Only the lines below from the one containing "this 1600×1200 image." through the one containing "this 1512×1512 image." belong in the answer, repeated exactly and without pictures.

## Data listing
/---

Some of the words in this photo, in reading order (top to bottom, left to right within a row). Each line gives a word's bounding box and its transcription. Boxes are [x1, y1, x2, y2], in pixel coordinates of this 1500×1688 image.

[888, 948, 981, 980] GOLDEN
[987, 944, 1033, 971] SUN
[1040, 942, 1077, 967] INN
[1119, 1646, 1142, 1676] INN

\---
/---

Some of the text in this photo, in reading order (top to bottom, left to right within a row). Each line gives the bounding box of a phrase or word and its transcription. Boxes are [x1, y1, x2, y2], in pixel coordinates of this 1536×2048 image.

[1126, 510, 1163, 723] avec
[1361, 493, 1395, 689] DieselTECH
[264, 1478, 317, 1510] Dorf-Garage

\---
/---

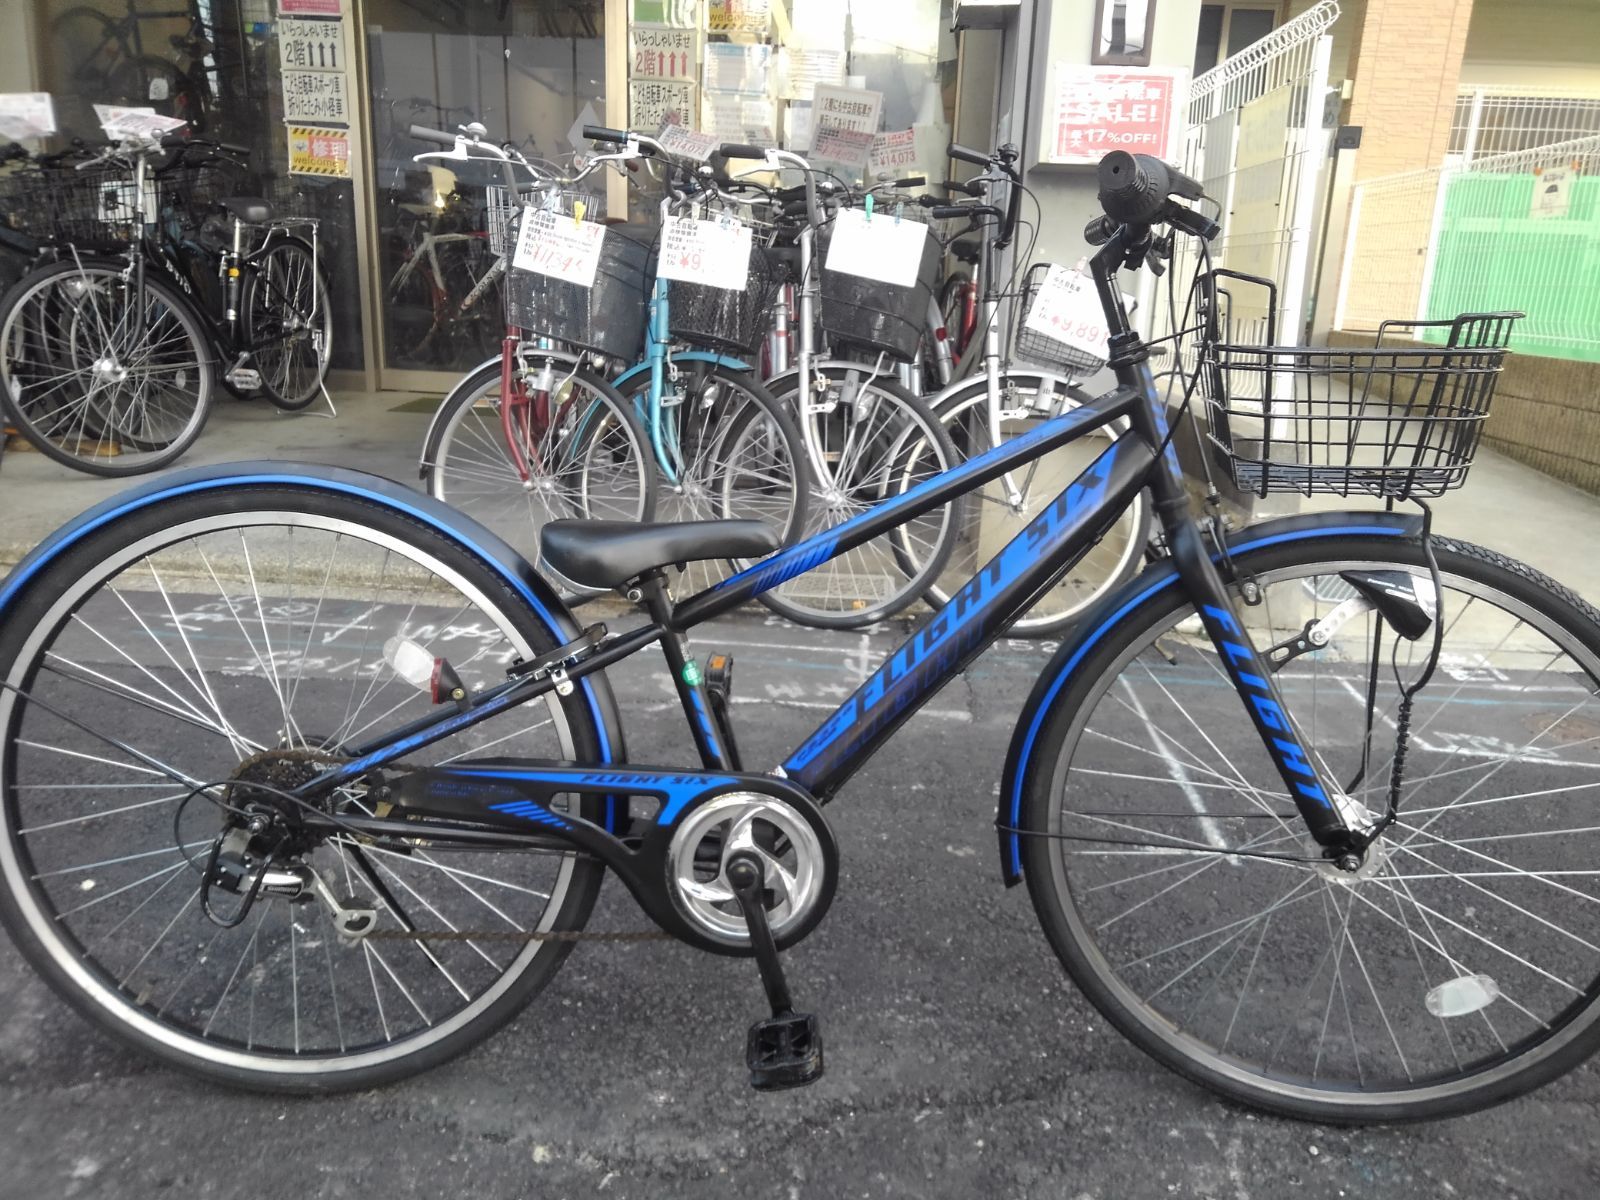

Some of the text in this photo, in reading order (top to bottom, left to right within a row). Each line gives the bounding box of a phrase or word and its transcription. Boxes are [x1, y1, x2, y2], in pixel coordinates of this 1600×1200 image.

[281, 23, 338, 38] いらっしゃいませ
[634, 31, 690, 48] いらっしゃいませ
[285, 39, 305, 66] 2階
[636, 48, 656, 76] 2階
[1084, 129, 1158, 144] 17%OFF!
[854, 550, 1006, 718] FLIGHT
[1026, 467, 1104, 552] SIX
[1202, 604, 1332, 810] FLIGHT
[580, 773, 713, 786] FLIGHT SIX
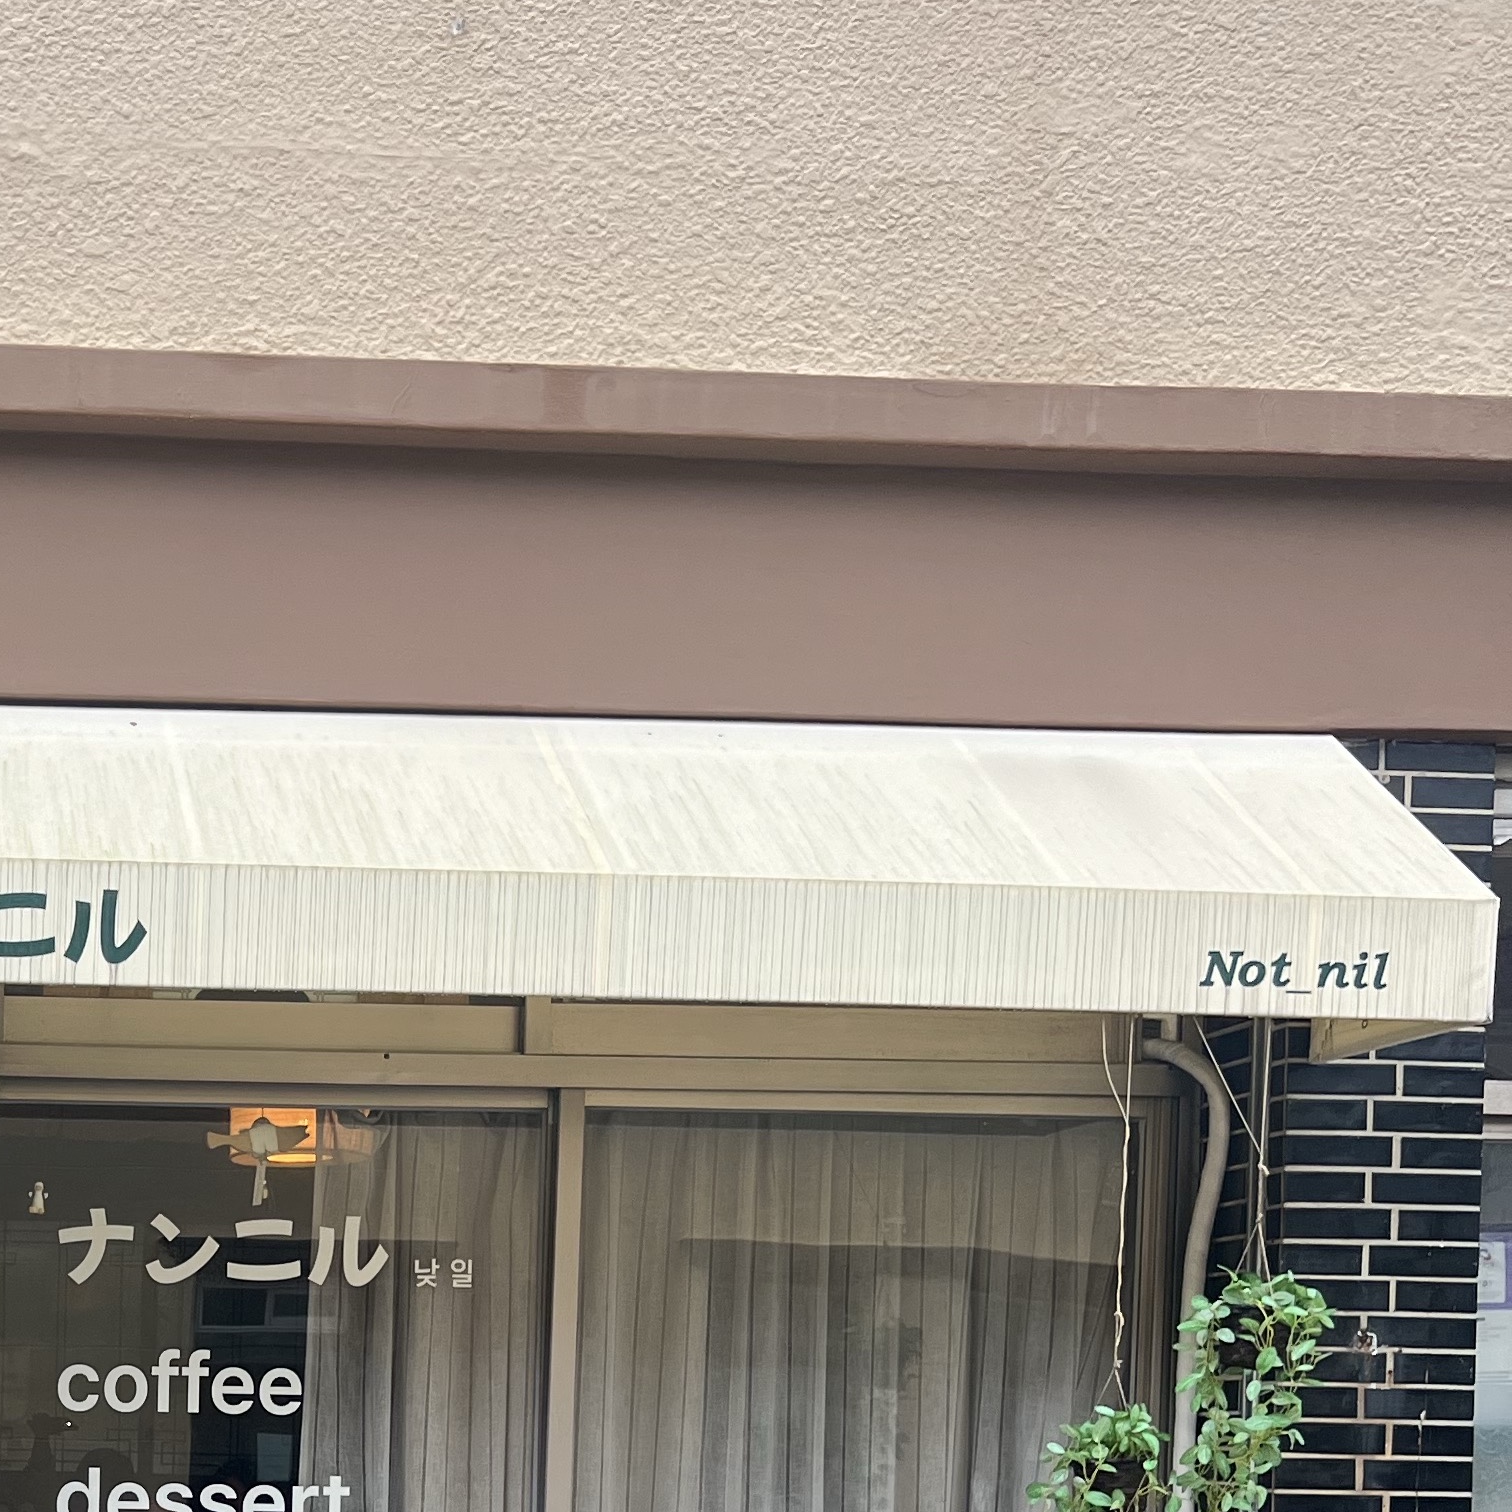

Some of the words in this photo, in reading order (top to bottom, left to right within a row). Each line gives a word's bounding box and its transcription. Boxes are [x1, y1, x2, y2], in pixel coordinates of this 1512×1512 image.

\---

## Answer to this problem
Some of the text in this photo, in reading order (top to bottom, left to right within a row). Each line gives the bounding box of a phrase or word and its transcription. Boxes are [x1, y1, x2, y2], in pixel coordinates of this 1600×1200 image.

[281, 23, 338, 38] いらっしゃいませ
[634, 31, 690, 48] いらっしゃいませ
[285, 39, 305, 66] 2階
[636, 48, 656, 76] 2階
[1084, 129, 1158, 144] 17%OFF!
[854, 550, 1006, 718] FLIGHT
[1026, 467, 1104, 552] SIX
[1202, 604, 1332, 810] FLIGHT
[580, 773, 713, 786] FLIGHT SIX

Some of the words in this photo, in reading order (top to bottom, left to right within a row). Each line gives a word's bounding box and its transcription. Boxes are [x1, y1, x2, y2], in pixel coordinates of this 1512×1512 image.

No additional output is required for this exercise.